As I made my way to my home office, I walked past our boy Blaze. I was watching him and how peaceful he looked just laying on the floor looking up at me with those gorgeous big brown puppy dog eyes as if to say to me, ‘Why are you so stressed, Mumma?” I uploaded my client’s gorgeous photographs. I looked at each photo of her fur babies that were smiling, playing, resting, bringing me toys, taking yummy fresh chicken treats, and well, just being amazing fur babies. I looked over to Blaze again, who had made his way to my office floor and was sitting next to me wanting to play. I looked down at him and said, “It’s so simple being a fluffy puppy doggy isn’t it, Blaze?!” Those beautiful, big, brown eyes looked up at me as if to say, “Why don’t you just do what you want to do, Mumma?” It made me stop and think of that very thing, why aren’t I just doing what I want to do? Why am I resisting so much against the very thing my heart and mind is telling me? Why am I pushing myself to do something that although I need to get it done, and I will get done, but why aren’t I giving myself a break? I had been up since 6am, had already been out to 2 photography experiences. After that, I went on several errands that took up most of my afternoon. It was now 3:27pm and yet the one thing I hadn’t done was stopped to take a break. Surely, I deserve a break through my day. Surely, being in business for myself allows me to pause and refresh.
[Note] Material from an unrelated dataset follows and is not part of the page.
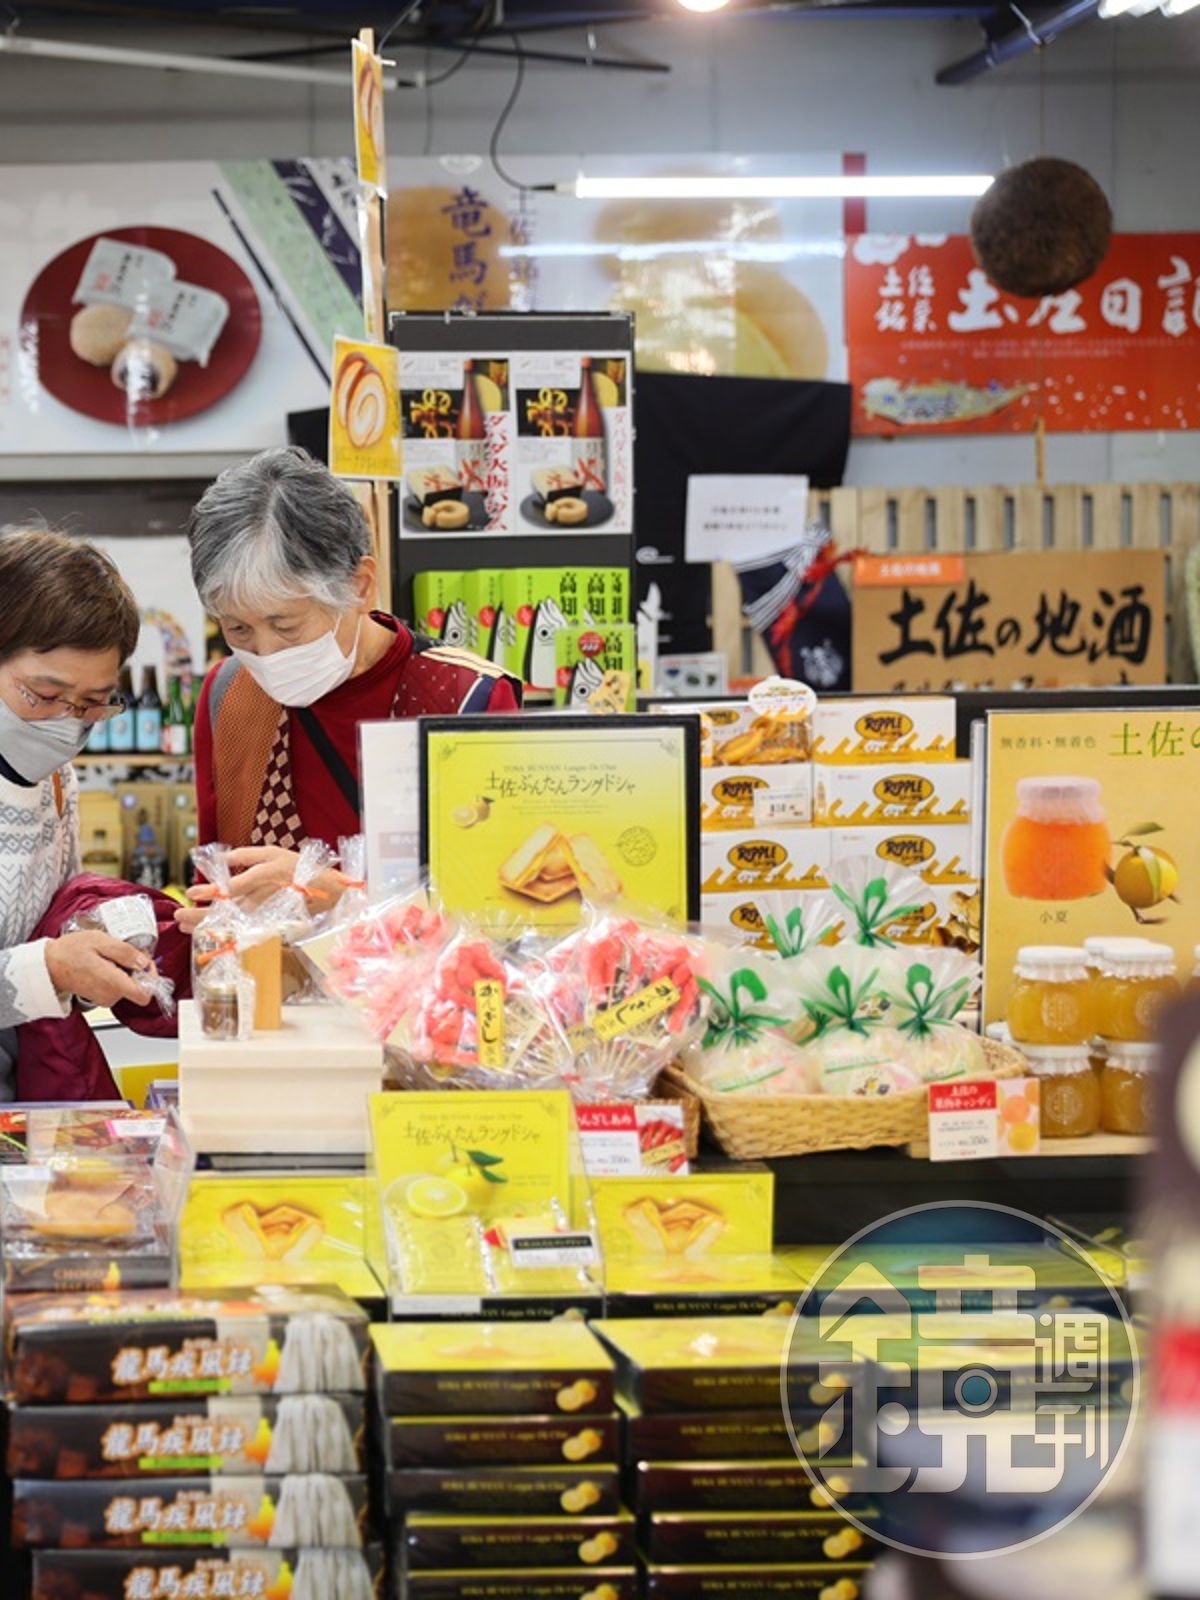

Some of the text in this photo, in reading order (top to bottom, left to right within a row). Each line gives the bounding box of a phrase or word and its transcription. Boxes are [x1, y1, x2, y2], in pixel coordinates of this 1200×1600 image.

[879, 580, 1154, 667] 土佐の地酒
A couple of days ago I was feeling overwhelmed and rather stressed with what occurred in my day. Although, I was excited from having just returned home from what were amazing and fun photography experiences, with gorgeous fur babies and their huMum’s. After completing some errands, I was then faced with dealing with our 5th day of no internet connection, and what feels like a mammoth task of getting through to Telstra and Foxtel!
And that’s when I really sat and thought, why we can’t be more like our fur babies?
We resist so much in our daily lives. We continue think, over thinking, wonder about the future, reminisce about the past, thinking about mistakes, what if’s and could be’s…
But what good does any of that do for us? Where does that get us?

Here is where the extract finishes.